The trouble with topics

Most agendas are a list of topics with time slots and owners.  Imagine you receive this agenda:

Time Topic Owner
9:00 -9:45 Budget Kim
9:45 – 10:30 Customer Feedback Lars
10:30 – 11:00 Innovation Campaign Suri
11:00 –  11:45 Roundtable All
11:45 – 12:00 All-Hands Update Andy

Great. You know what will be discussed, but you don’t know why or what you’re trying to accomplish.Without that information, it’s all too easy to slip into a passive mindset. We show up, we multi-task, we talk about the topic until the time runs out, then move on.

Kill the agenda. Create a design.

Next time you are organising a meeting, kill the agenda and create a design instead.  A meeting design has three components: purpose, objectives, and structure.  In this post, we’ll cover the first two.

Purpose: The purpose is the reason for the meeting. It answers the question “what will be different as a result of this meeting?” or “what progress will be made through this meeting?”

The subject of a one-time meeting should reflect a specific and tangible purpose. For recurring meetings, the purpose will usually be more general, and the objectives (discussed below) provide the necessary specificity.

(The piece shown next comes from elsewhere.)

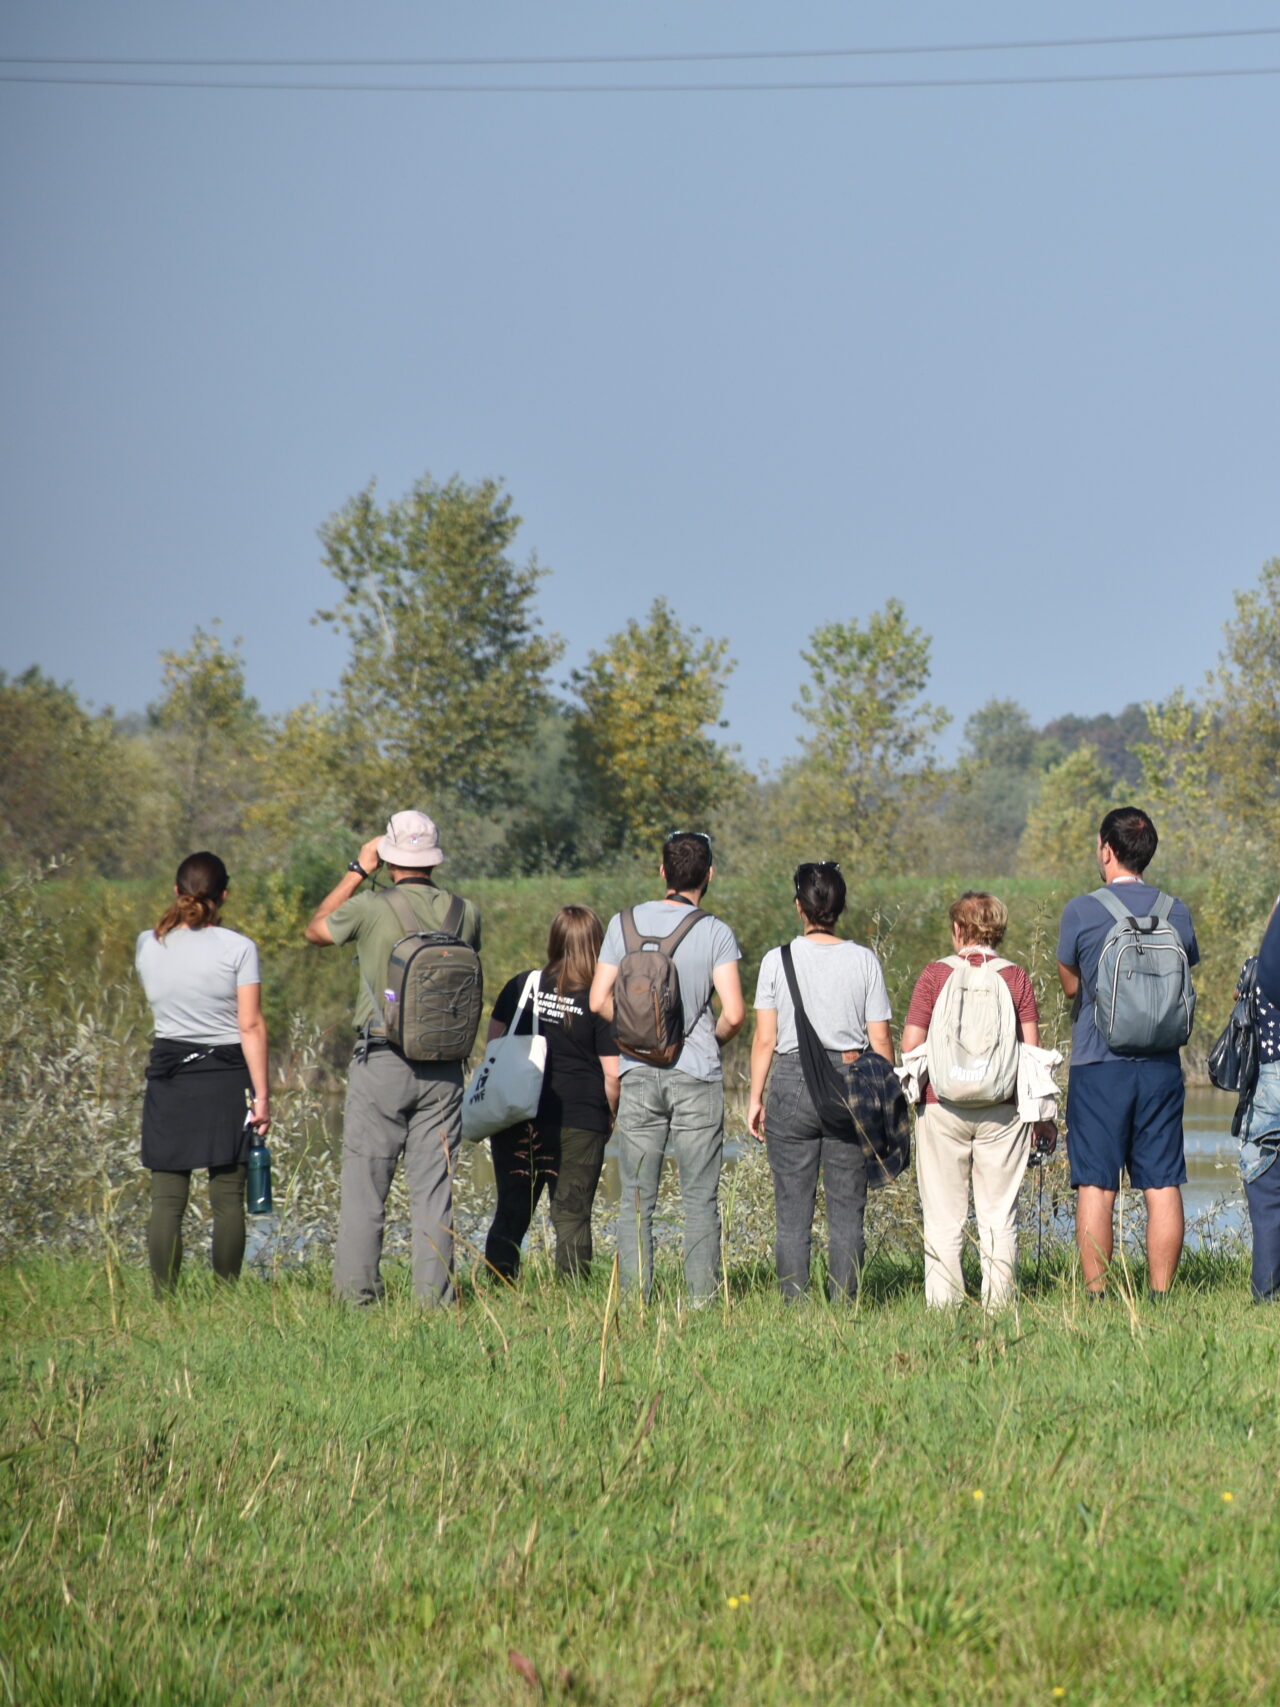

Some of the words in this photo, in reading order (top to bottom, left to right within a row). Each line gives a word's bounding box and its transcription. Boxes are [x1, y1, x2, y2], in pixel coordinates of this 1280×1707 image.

[544, 993, 558, 1001] ARE
[536, 999, 556, 1009] ANGE
[547, 1009, 565, 1018] DIETS

A good purpose statement has the following characteristics:

  1. Starts with a verb
  2. Tells the reader why the discussion matters
  3. Makes it clear when the meeting is over
  4. Defines who needs to be there

Avoid treadmill verbs such as “discuss” or “review” as these have no discernable end and could therefore easily take up the whole meeting without necessarily getting you anywhere. They are topics in disguise.

Let’s look at some typical meeting subjects and turn them into good purpose statements:

Instead of this…  > Try this….
Roadmap  > Revise the 2017 roadmap to reflect new customer commitments
Project status  > Create a mitigation plan for Project X at-risk milestones
Marketing update  > Learn what marketing activities are planned for Q4 and how you can participate
Customer debrief  > Extract lessons learned from July customer roundtable

Notice that they are longer and more descriptive, and that’s a good thing.  Your participants need only to glance at the subject line to remember the purpose and relevance.

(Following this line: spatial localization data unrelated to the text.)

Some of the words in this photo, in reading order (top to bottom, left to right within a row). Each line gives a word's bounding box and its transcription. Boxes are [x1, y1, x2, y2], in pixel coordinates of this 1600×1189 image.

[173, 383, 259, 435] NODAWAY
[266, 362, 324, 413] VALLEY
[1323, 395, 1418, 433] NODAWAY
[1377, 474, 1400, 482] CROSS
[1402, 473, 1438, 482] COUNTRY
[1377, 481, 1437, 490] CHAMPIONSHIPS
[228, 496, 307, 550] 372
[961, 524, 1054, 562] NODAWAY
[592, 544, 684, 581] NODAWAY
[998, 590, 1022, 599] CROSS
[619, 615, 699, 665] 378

Objectives: The objectives describe what will be achieved in each section. They define the outcome or result that signals the conversation is complete.By defining a clear objective for each session, you’ll be able to:

  • Determine what, if anything, people should do ahead of time
  • Radically increase the quality and efficiency of the dialogue during the meeting
  • Better estimate how much time to allocate
  • Even realise something doesn’t actually need to be a meeting

Remember that topics-based agenda? Here’s how it might look if it were replaced with a design.

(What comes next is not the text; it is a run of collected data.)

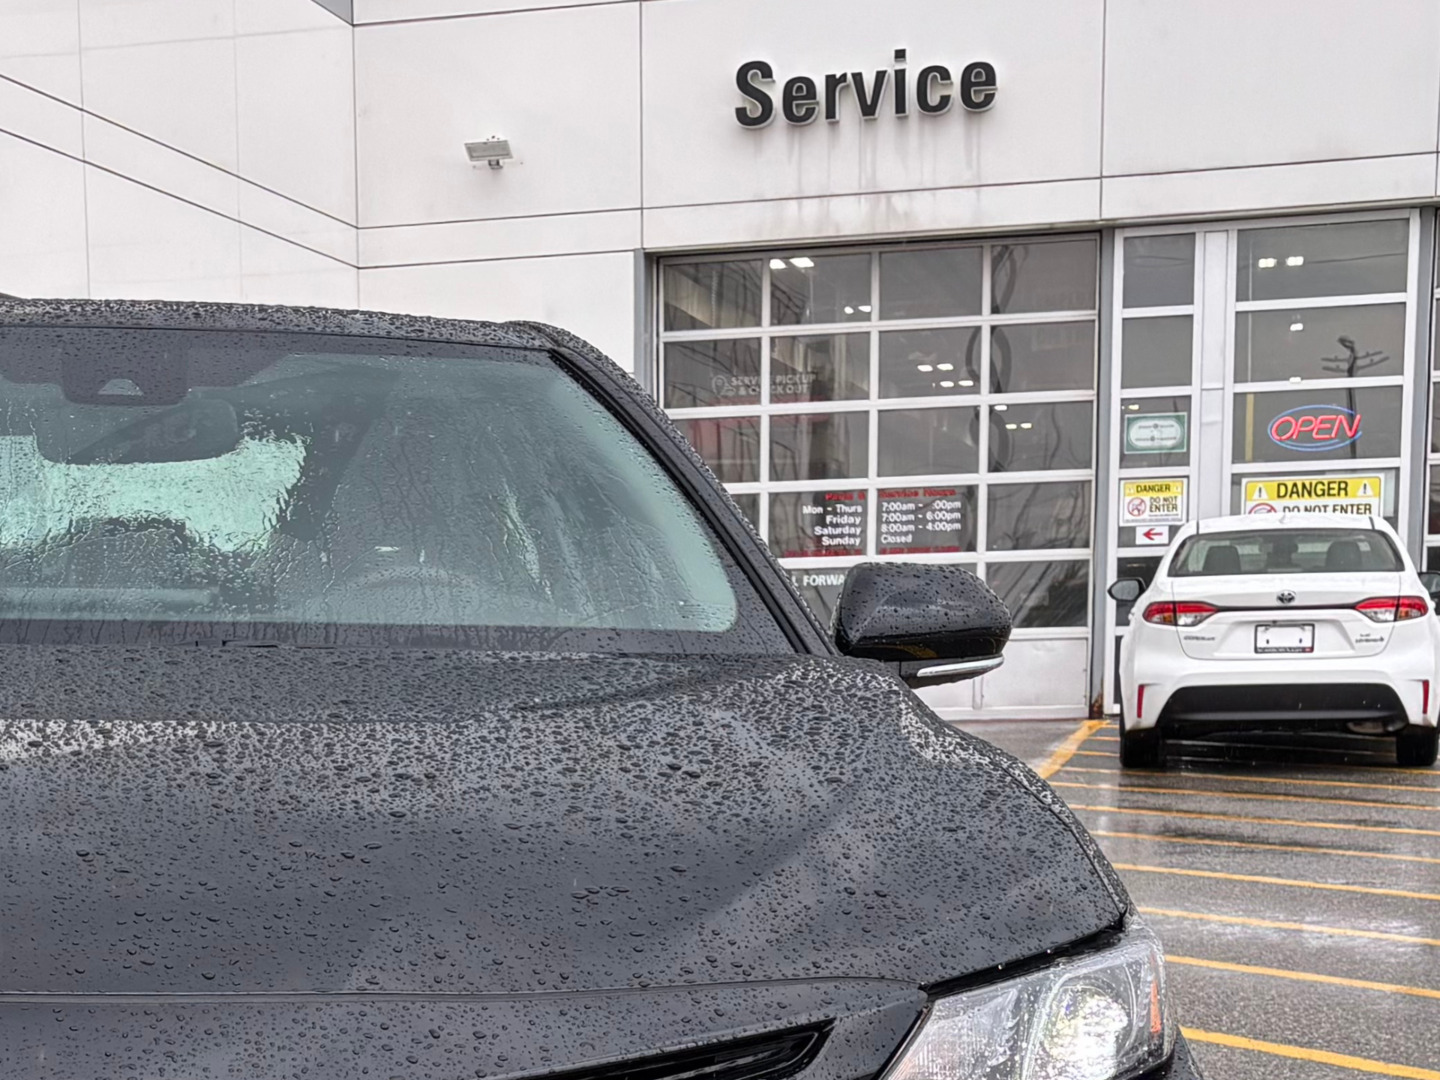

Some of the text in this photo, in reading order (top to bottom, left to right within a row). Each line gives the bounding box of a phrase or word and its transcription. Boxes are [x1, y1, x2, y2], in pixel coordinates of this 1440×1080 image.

[735, 48, 998, 128] Service
[1271, 414, 1361, 440] OPEN
[1136, 483, 1171, 493] DANGER
[1277, 480, 1349, 499] DANGER
[1150, 496, 1178, 504] DO NOT
[802, 505, 824, 514] Mon
[835, 503, 863, 513] Thurs
[881, 501, 916, 511] 7:00am
[1149, 503, 1179, 513] ENTER
[825, 515, 862, 525] Friday
[881, 513, 915, 522] 7:00am
[926, 511, 962, 521] 6:00pm
[814, 526, 862, 535] Saturday
[881, 523, 915, 533] 8:00am
[926, 521, 962, 532] 4:00pm
[822, 533, 913, 546] Sunday Closed
[803, 573, 845, 586] FORWA

Session Objective Pre-work (if applicable) Lead Time
Budget Establish where we are year-to-date and estimate the likelihood of coming in more than 5% above or below target Required: Confirm the status of open positions and other open budget items in your department Kim 30 min max
Customer Feedback Share preliminary findings and finalise the goals for next week’s deep dive on customer survey results Optional: Review survey results here Lars 45 min max
Innovation Campaign Decide on scope and success measures for the pilot Required: Review recommendation here Suri 30 min max
Roundtable Learn about each other’s most significant wins and learnings since we last met NA Andy 30 min max

Some key differences:

  1. It’s at least 45 minutes shorter
  2. The all-hands update was removed because it didn’t warrant group discussion
  3. People now know what’s expected of them before and during the meeting
  4. Times are in the form of “not to exceed”, but will be shorter if the objective is accomplished sooner

Granted, a design can take a little longer than an agenda for the meeting owner or people leading a session. But the payback is enormous. Not only will meetings be far more efficient, but the quality of dialogue and experience of meetings in general will be utterly transformed.

Take a look at your calendar now. Pick one meeting that you lead. Replace the agenda with a specific purpose and clear objectives. See what happens.

For more great meeting tips, download the free eBook The Insider’s Guide to Better Meetings.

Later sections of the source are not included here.